而對中國需求與經濟復蘇的觀察,除了央行貨幣政策之外,就是長端國債到期收益率——以10年期國債收益率為主。我們可以看到,2008年以來,WTI油價與中國10年期國債收益率體現出高度相關性,而10年期國債收益率與經濟需求與增速高度相關,反應出中國經濟以及需求的復蘇,將顯著地影響到油價的波動(圖中陰影部分為中國央行降息降準對應周期)。
歷史不會重演,但會相似。2018年4月開啟的降準周期至今已有接近1年半時間,是2008年以來最長的降準周期,而且預計下降空間已經很小。從美聯儲資產負債表負債端來看,8月底存放在美聯儲的存款機構其他存款1.50萬億美元,占總信貸規模11%,而中國人民銀行截至7月底其他存款性公司存款21萬億元,占貸款余額14%,橫向對比來看,中國降準空間并不很大,何況中國還是發展中國家,跟其他發展中國家比,準備金率并不高。
先量后價,當貨幣政策數量寬松不能托底經濟,降息就成了必然選擇,是以央行在降準之后,有意通過LPR傳遞降息信號,以對沖經濟下行趨勢。當前全球經濟體在貿易摩擦及央行降息背景下,依然未見啟穩信號,美聯儲在18日的降息聲明中表示“盡管家庭支出一直在強勁增長,但企業固定投資和出口卻有所減弱,同時在12個月的基礎上,除食品和能源外,其他商品的總體通脹率和通脹率都在2%以下……考慮到全球經濟發展對經濟前景的影響以及溫和的通脹壓力,委員會決定將聯邦基金利率的目標區間下調至1.75%-2%”,可以說美聯儲的降息是預判式的,并非說美國經濟不行。

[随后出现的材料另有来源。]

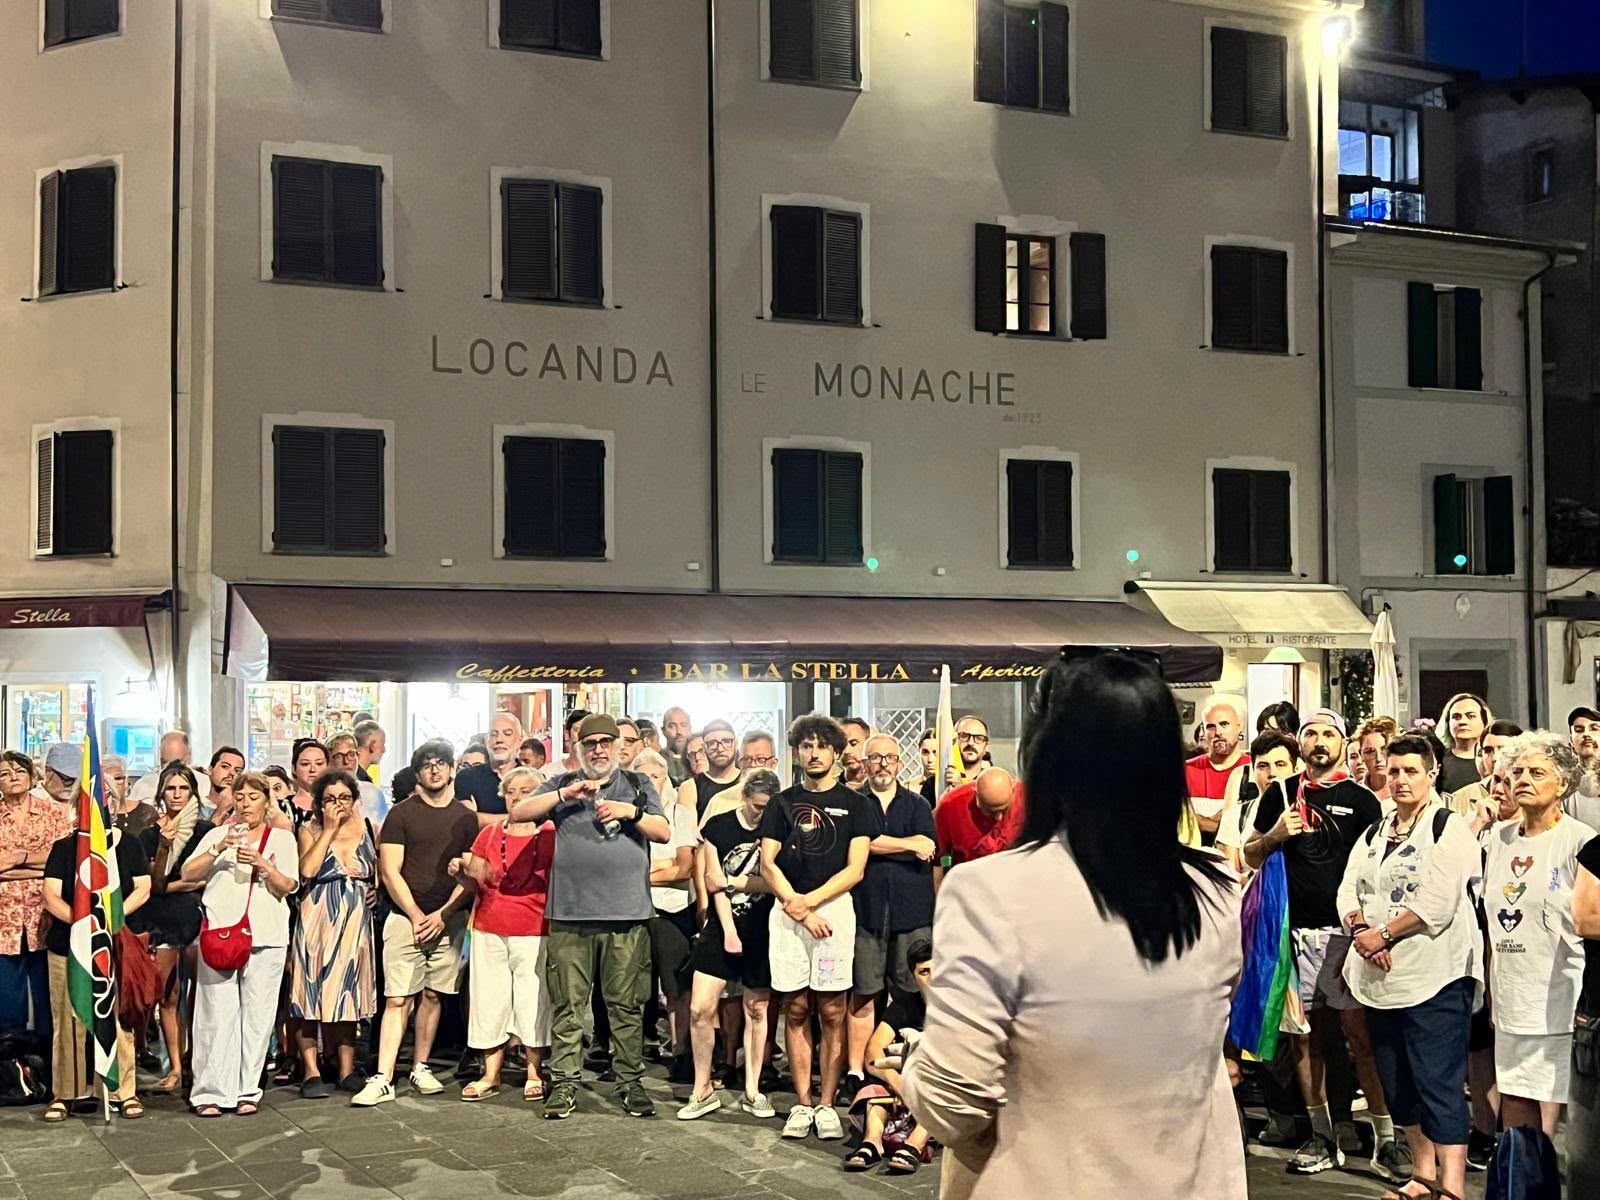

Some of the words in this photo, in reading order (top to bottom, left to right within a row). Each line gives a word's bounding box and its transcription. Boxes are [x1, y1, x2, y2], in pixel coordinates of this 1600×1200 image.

中國的降準降息多少有些滯后,一方面政策依賴于經濟數據的觀察,另一方面忌憚于企業和居民較高的債務杠桿率,降準降息治標而不治本,尤其降息對發展中國家來講,壓力不小于動力。
雖然部分數據顯示,當前經濟隨著降準及減稅推進,有局部改善信號,包括工業企業利潤快速見底回升,產成品庫存已經處于被動去庫存階段,但整體基建、制造業投資增速仍然低迷,房地產投資延續放緩,尤其是房地產融資的收緊,房地產銷售延續降溫,在外需不振,內需承壓背景下,PPI同比增速持續下行,8月份同比增速已降至-0.8%,社會消費品零售總額同比增速下降至7.5%,出口增速-1%,PMI49.5,雖然貨幣寬松帶來流動性,但經濟依然有較大下行壓力。
拿房地產市場來講,由于5月后中央及監管全面封堵房地產相關融資,導致整個地產投資增速拐頭下行,8月份土地成交價款累計同比-22%,購置土地面積累計同比-25.6%,土地購置下滑的背后是房地產加快清倉節奏——恒大、萬科、碧桂園都加速了賣樓節奏,泰禾在強大債務壓力下更是加速回款。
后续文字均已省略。